Язык даже был хуже того, кое-что я упускал, так как актеры понятия не имели о декламации, а переговаривались между собой, словно сидели с друзьями в гостиной или в кабаке. Разумеется, истинное искусство актера, который стоит лицом к зрителям и пленяет их силой чудесной риторики, тут вряд ли пригодилось бы, ибо пленять было нечем. Речи действующих лиц являли собой образцы несравненной гнусности. Пока шла сцена, в которой сын какого-то вельможи притворяется сумасшедшим и буянит под дождем в открытой степи, а затем встречает короля, который тоже помешался и натыкал себе в волосы цветы (поверьте, я не шучу), я ждал, что вот-вот заботливые мужья поспешат увести из зала своих супруг. Однако они продолжали сидеть на своих местах, видимо, наслаждаясь происходящим, и единственное, что вызвало frisson [22] растерянности, было присутствие на сцене актрис – неслыханное прежде новшество.
И наконец, всяческие жестокости и насилия. Только Богу известно, сколько действующих лиц было убито, полагаю, в этом источник всем известной жестокости англичан. Да как может быть иначе, когда столь отвратительные деяния изображаются для развлечения? Например, у некоего вельможи вырывают глаза прямо на сцене перед зрителями и способом, который ничего не оставляет воображению. Ну какой цели может служить столь грубое и ненужное зрелище, кроме как ошеломлять и оскорблять благородные вкусы?

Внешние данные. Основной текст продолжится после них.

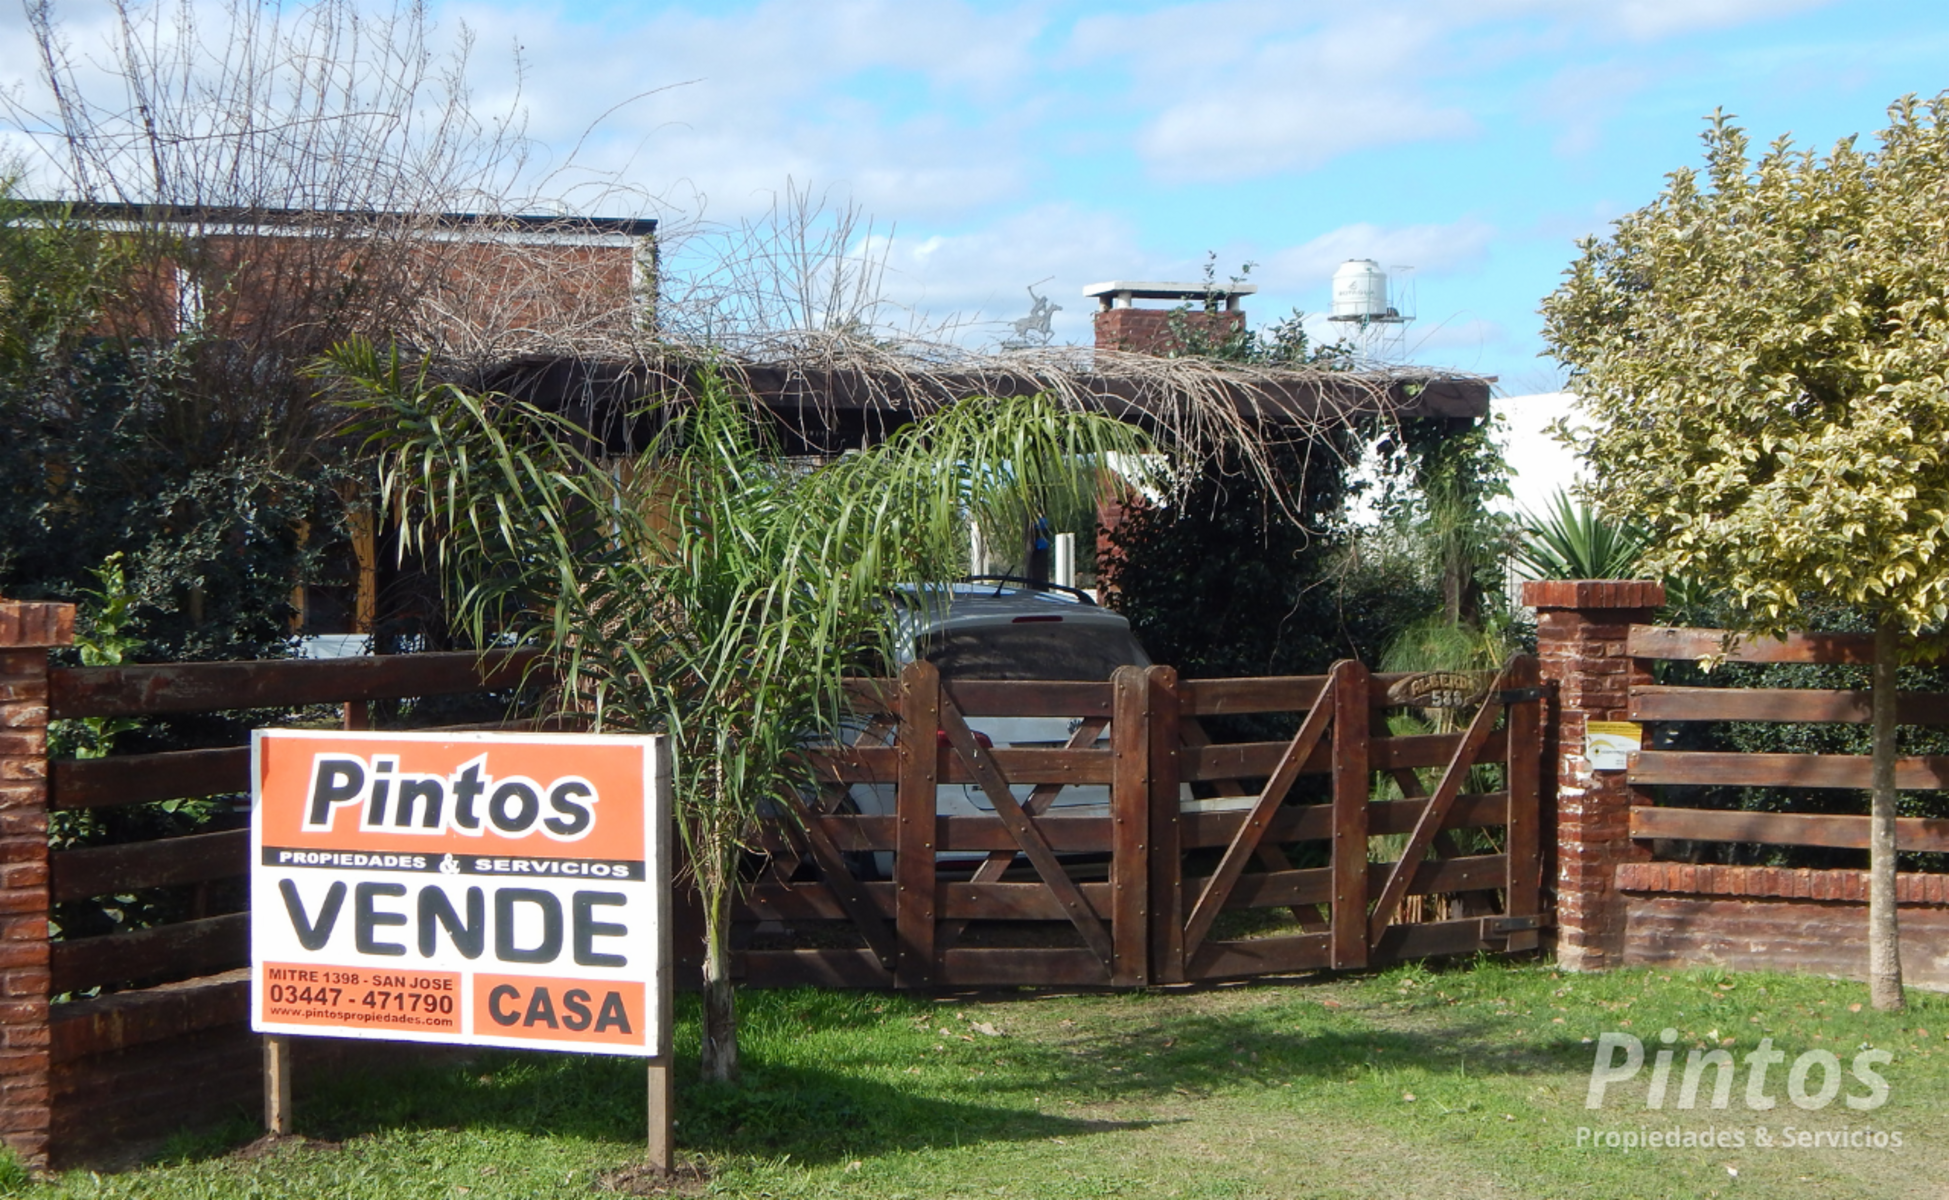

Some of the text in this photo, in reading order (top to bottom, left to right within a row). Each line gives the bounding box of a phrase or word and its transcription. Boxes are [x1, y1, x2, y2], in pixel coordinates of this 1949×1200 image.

[306, 757, 595, 839] Pintos
[278, 850, 630, 878] PROPIEDADES & SERVICIOS
[278, 878, 629, 968] VENDE
[268, 967, 320, 983] MITRE
[322, 971, 360, 985] 1398
[372, 974, 407, 988] SAN
[409, 977, 453, 991] JOSE
[269, 983, 343, 1007] 03447
[361, 990, 454, 1015] 471790
[488, 984, 632, 1036] CASA
[269, 1006, 454, 1027] www.pintospropiedades.com
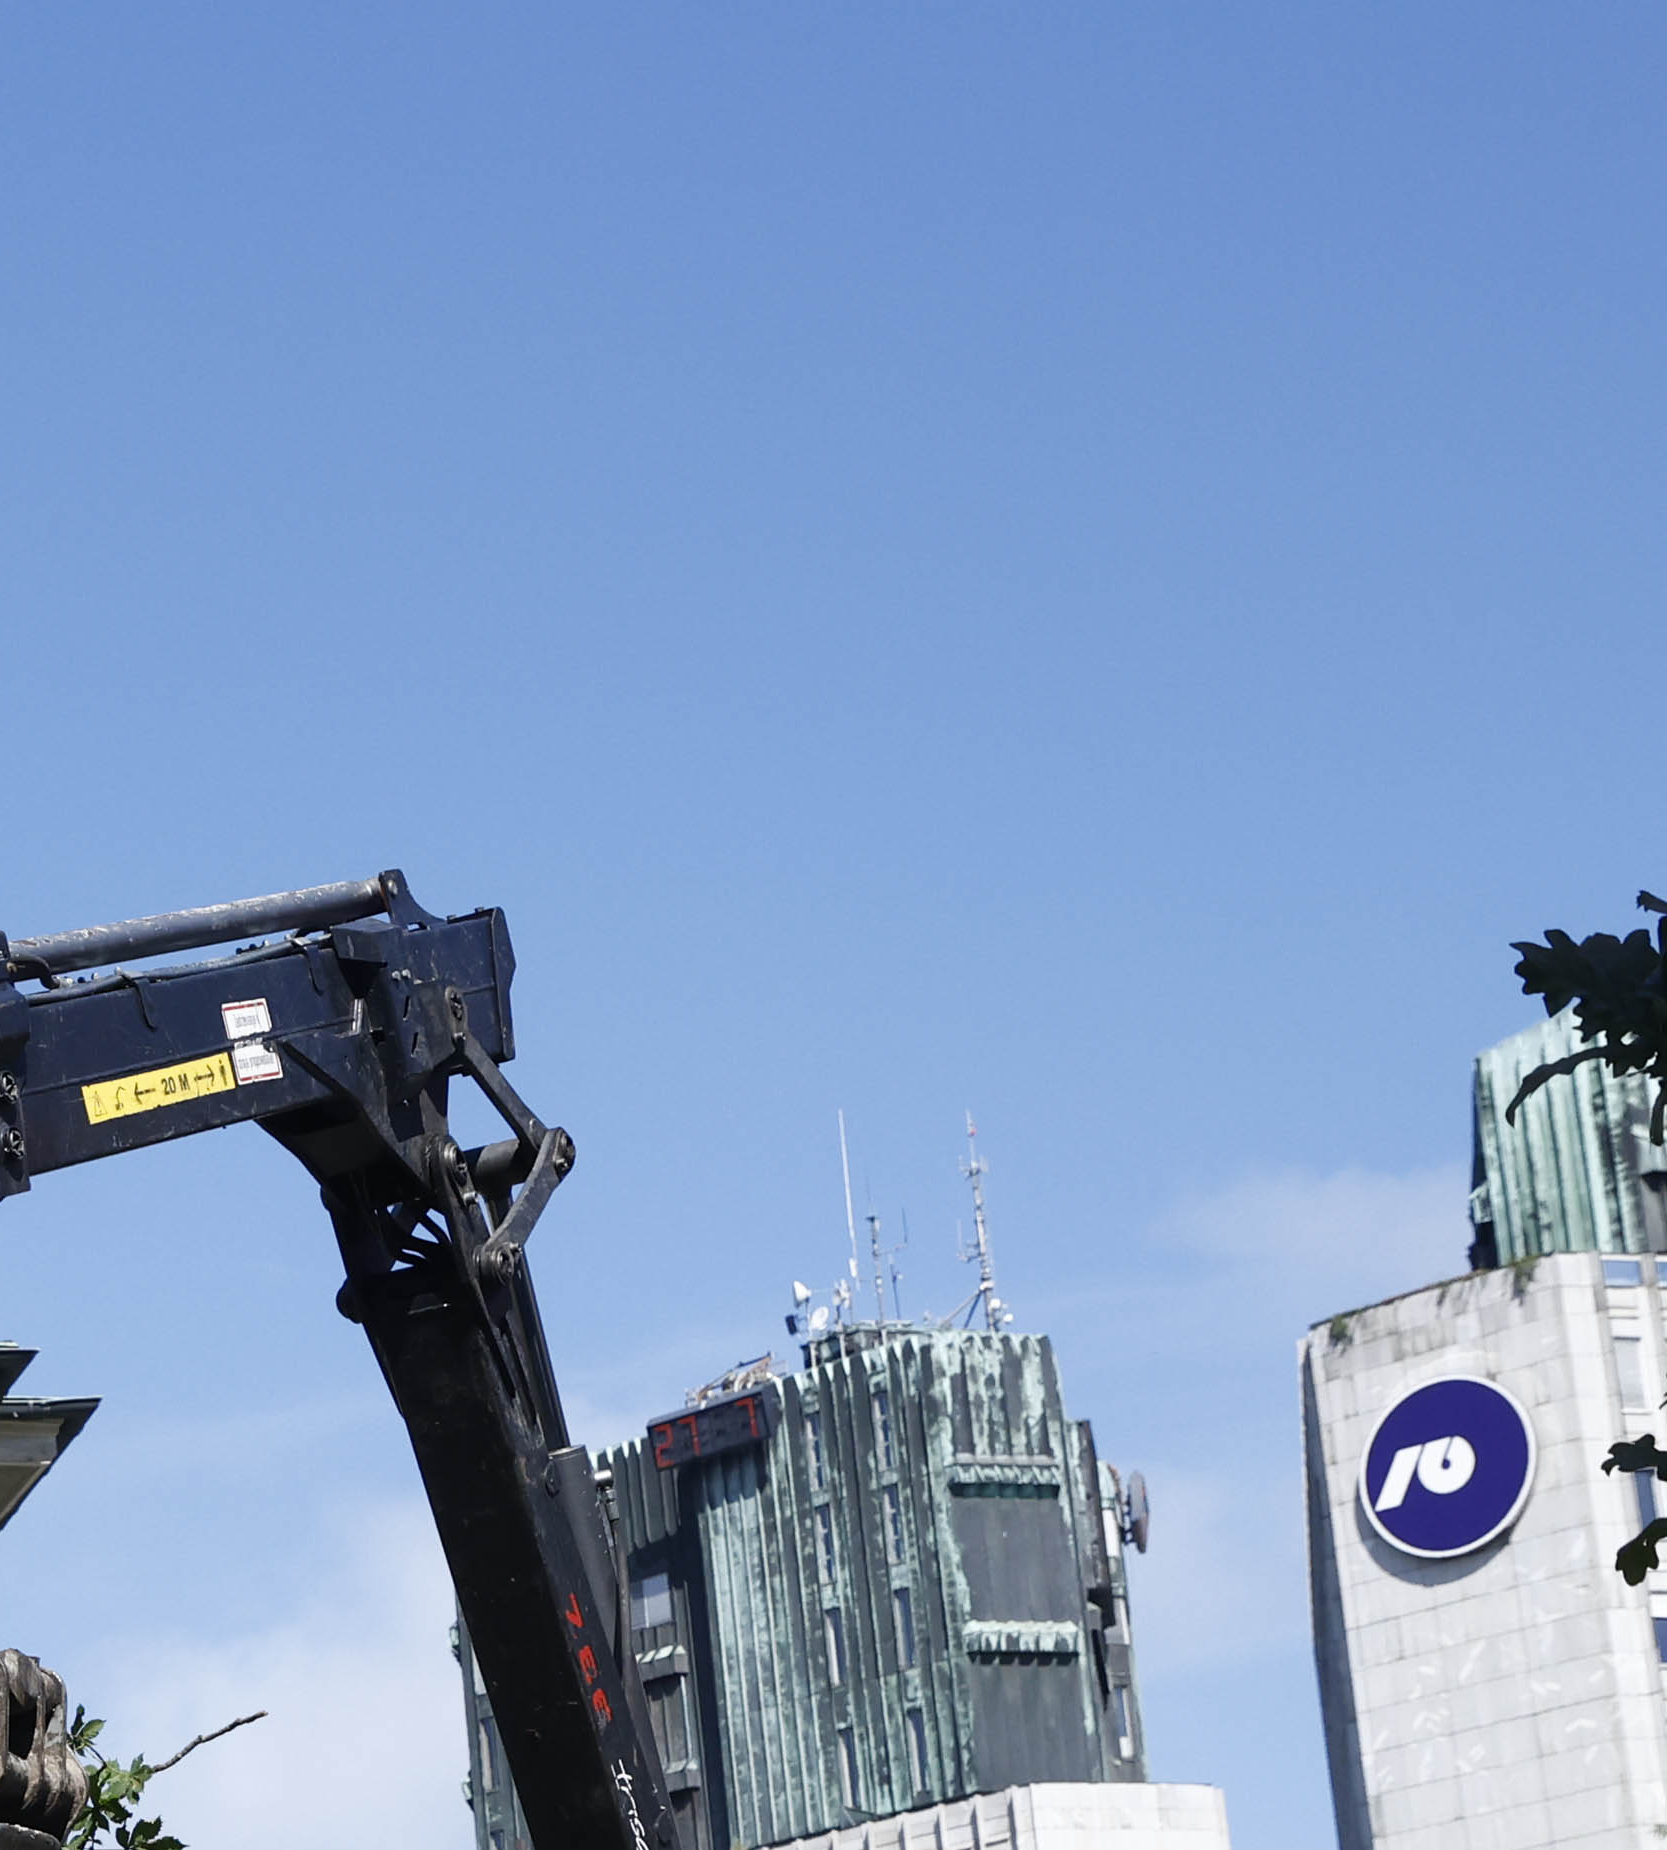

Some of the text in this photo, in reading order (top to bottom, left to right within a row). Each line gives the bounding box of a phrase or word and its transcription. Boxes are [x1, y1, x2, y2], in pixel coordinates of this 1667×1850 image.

[161, 1073, 191, 1096] 20 M
[653, 1396, 761, 1469] 27 7
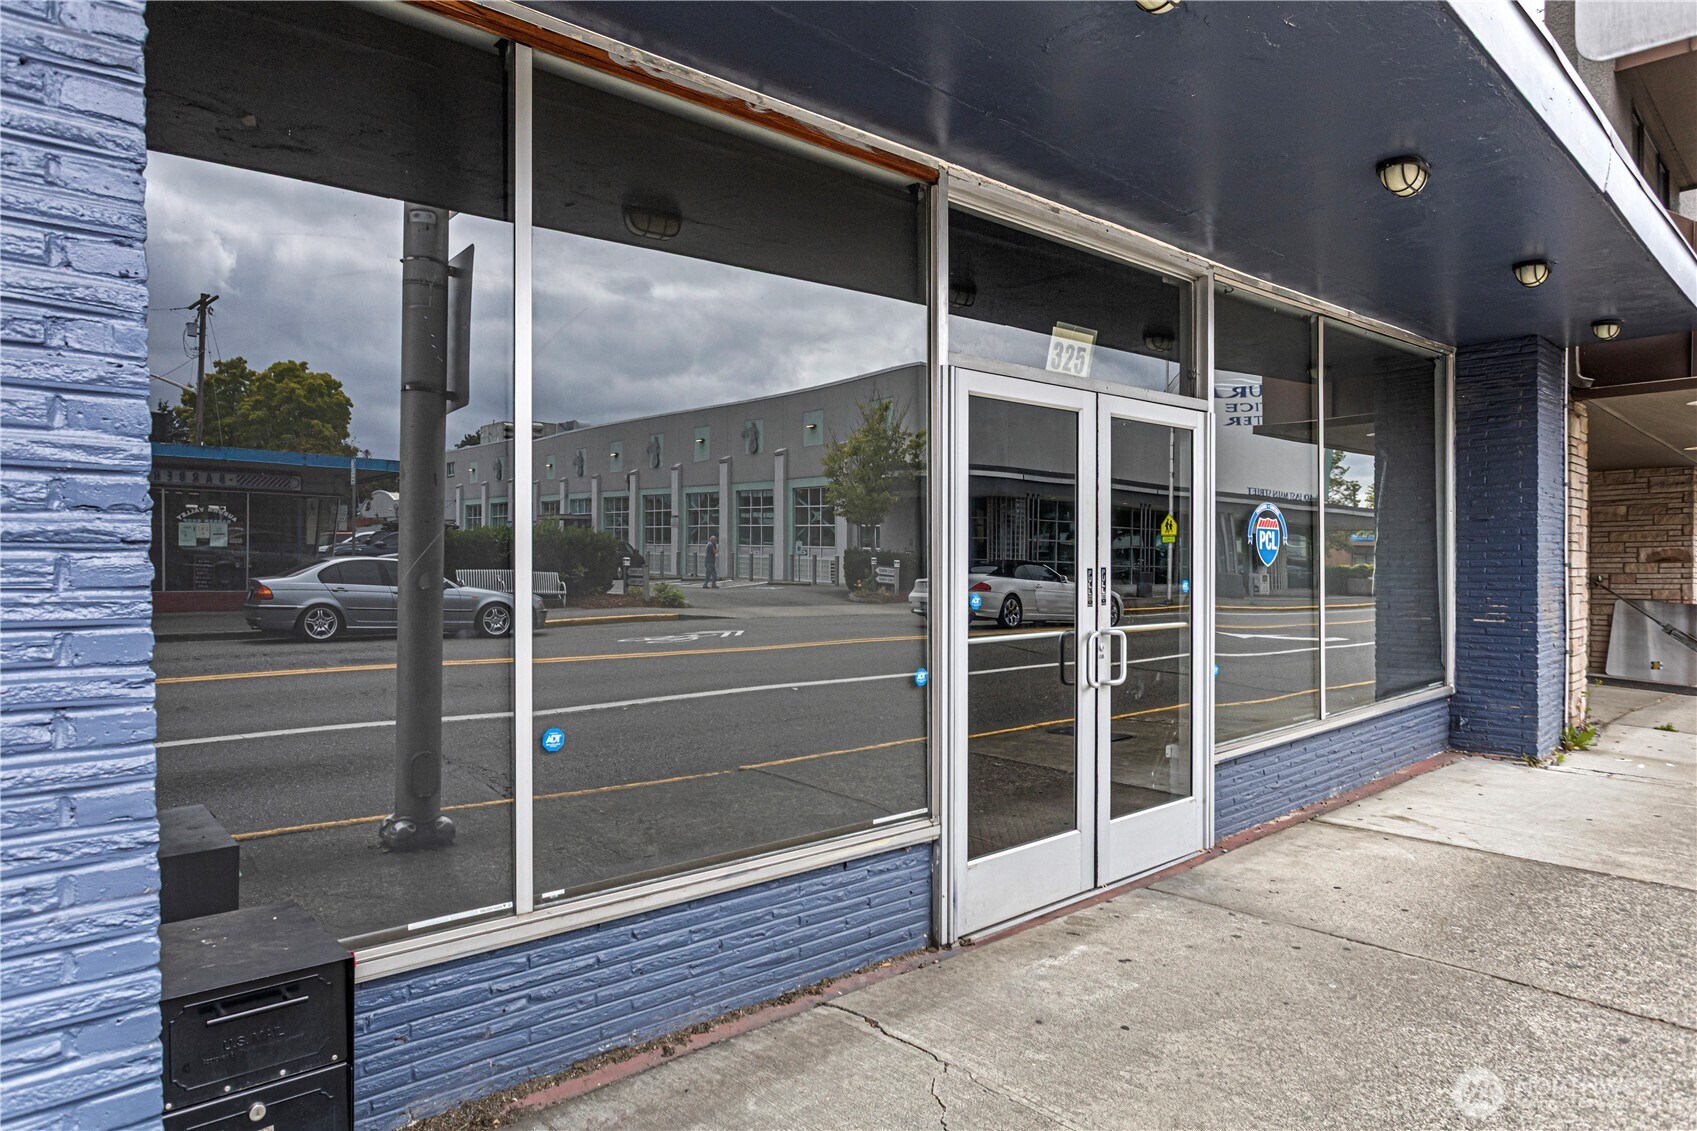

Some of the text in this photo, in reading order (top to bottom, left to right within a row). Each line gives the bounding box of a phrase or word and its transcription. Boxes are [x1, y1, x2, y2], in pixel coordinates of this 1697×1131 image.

[1051, 341, 1087, 375] 325
[1259, 530, 1278, 550] PCL
[545, 734, 562, 743] ADT

Право, представление это, которое тянулось столь долго, что заключительные сцены игрались в благословенном мраке, для меня было интересно лишь тем, что предоставило мне возможность обозреть местное общество, ибо в городе никто не удержался от соблазна вкусить от грязи, которой их угощали. Среди зрителей присутствовали любитель сплетен мистер Вуд, а также смотритель Вудворд и суровый холодный доктор Уоллис. Там был Томас Кен, как и Кросс, Локк, Шталь и многие из тех, кого я видел у матушки Джейн.
22
Дрожь (фр. ).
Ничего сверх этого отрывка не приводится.